Since the pandemic, Evans turned to virtual platforms to introduce popular programs planned for specific groups and is preparing “Above Rubies: Jewish Women Artists” for members and supporters of the Eleanor Roosevelt Hadassah chapter. It begins at 7 p.m. Tuesday, Oct. 26.
“I call it ‘About Rubies’ because of a quote in the Book of Proverbs: ‘Who can find a virtuous woman because her price is above rubies,’” explains Evans, adding tongue-in-cheek: “Not all the women in this presentation are going to be virtuous, and I’m not implying that they are.”
Evans’ Hadassah talk reaches from the first-known Jewish woman artist, Rachel Olivetti, who lived in Italy in the 1600s and embroidered Judaica that included Torah Ark curtains. It moves through the centuries and delves into current talents, such as Beth Lipman, who forms glass into copies of impressive objects that are not glass.
“My presentation is going to be very varied,” Evans says. “I need to find good images, so It takes a lot of research and a lot of it is done online.”
Evans’ talk expands on the growing number of Jewish women artists born in the 1800s. As an example, Florine Stettheimer will be represented by her painting “Love Flight of a Pink Candy Heart,” showing an unusual style that related to the artist herself, her family and important people in the arts.
“Stettheimer’s works were not Jewish in terms of religion but in terms of the people involved,” Evans says. “They’re fun and interesting.”
Artistic expressions of the Holocaust also will be covered. Esther Krinitz is one artist who lived through the Nazi occupation of Poland and created embroidered panels to tell her story, particularly to her grandchildren.
“There isn’t such a thing as Jewish art or Jewish style,” Evans says. “Jewish artists are impacted by the society they’re in at the time and what’s gone before. Like any other artist, they adapted.”
To demonstrate that versatility and adaptation, Evans makes sure to include a range of approaches. Among the featured artists in her upcoming talk will be representational photographer Diane Arbus, surrealistic photographer Claude Cahun, installation specialist Judy Chicago, sculptor Eva Hesse, abstract expressionist Elaine de Kooning, collage expressionist Lee Krasner and sculptor Louise Nevelson.
“Most of the time, the more I study an artist, the more I like that person’s work,” Evans says. “I don’t show images I don’t like, and I don’t generally show imagines I think are inappropriate. I have a whole talk about how women have been treated [objectified] in art.”
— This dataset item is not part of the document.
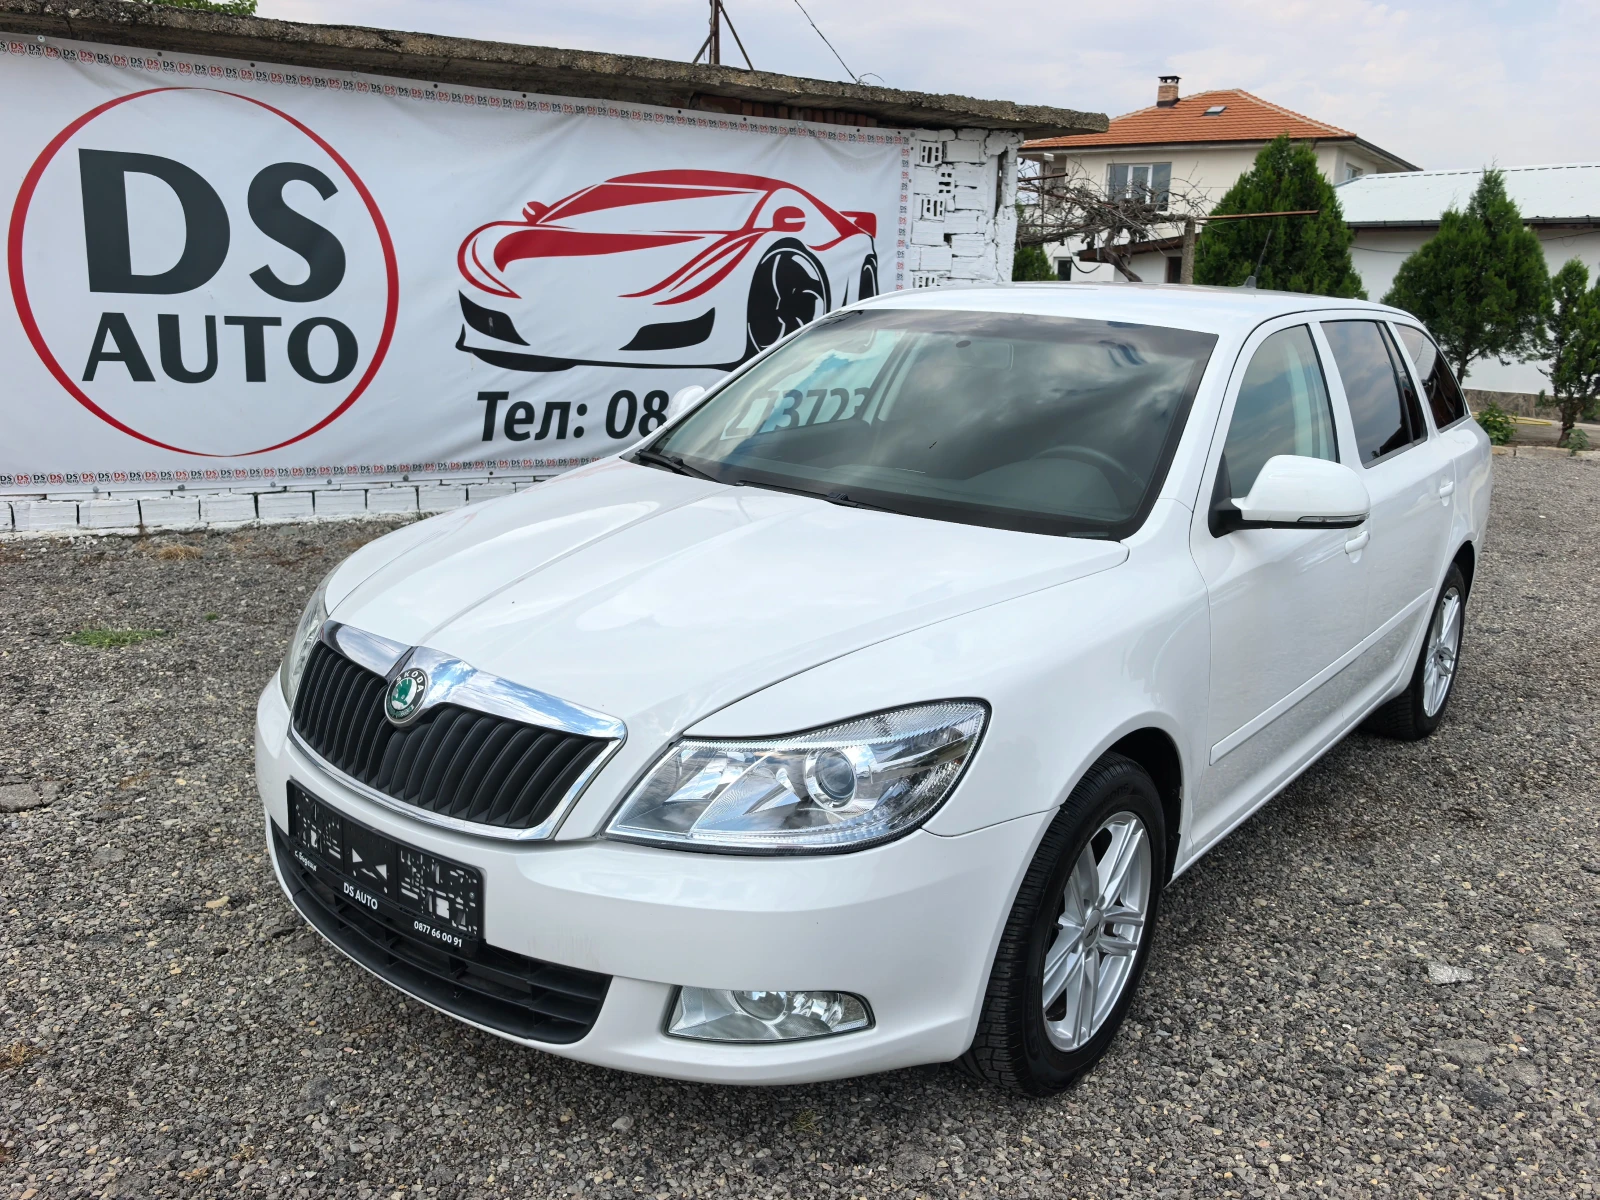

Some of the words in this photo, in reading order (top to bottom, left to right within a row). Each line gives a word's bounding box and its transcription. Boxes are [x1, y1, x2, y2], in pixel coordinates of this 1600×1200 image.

Evans, who enjoys doing art history research, has developed dozens of presentations that focus on specific museums, artists, styles and cities, among other topics. A visit to her website (art-talks.org) becomes a learning experience with plenty of impressive images to view.
Evans’ interest in artists and art history began in her London-based childhood, when her parents took her to museums. After trying her hand at painting in high school, she decided her artistic skills were limited and moved into an economics major at Oxford University.
Since moving to the United States when her husband, Leonard, accepted work as a traffic safety specialist, she volunteered to bring art programs into elementary schools then attended by her children.
As her children were growing, she studied art history at the DIA and became a docent. That led to her earning a master’s degree in art history at Wayne, which qualified her for teaching.
“I’ve been talking to Jewish organizations for a very long time, putting together talks that have a Jewish emphasis,” Evans says. “I was going to do Jewish artists in general but realized there were way too many, so I gave women their own talk.
“I love teaching about art because it covers everything — literature, religion, politics, engineering — plus, you’ve got wonderful images to show. I’m beginning to collect things on art stolen by the Nazis and the families that became Jewish dealers. That’s the next series I want to put together.”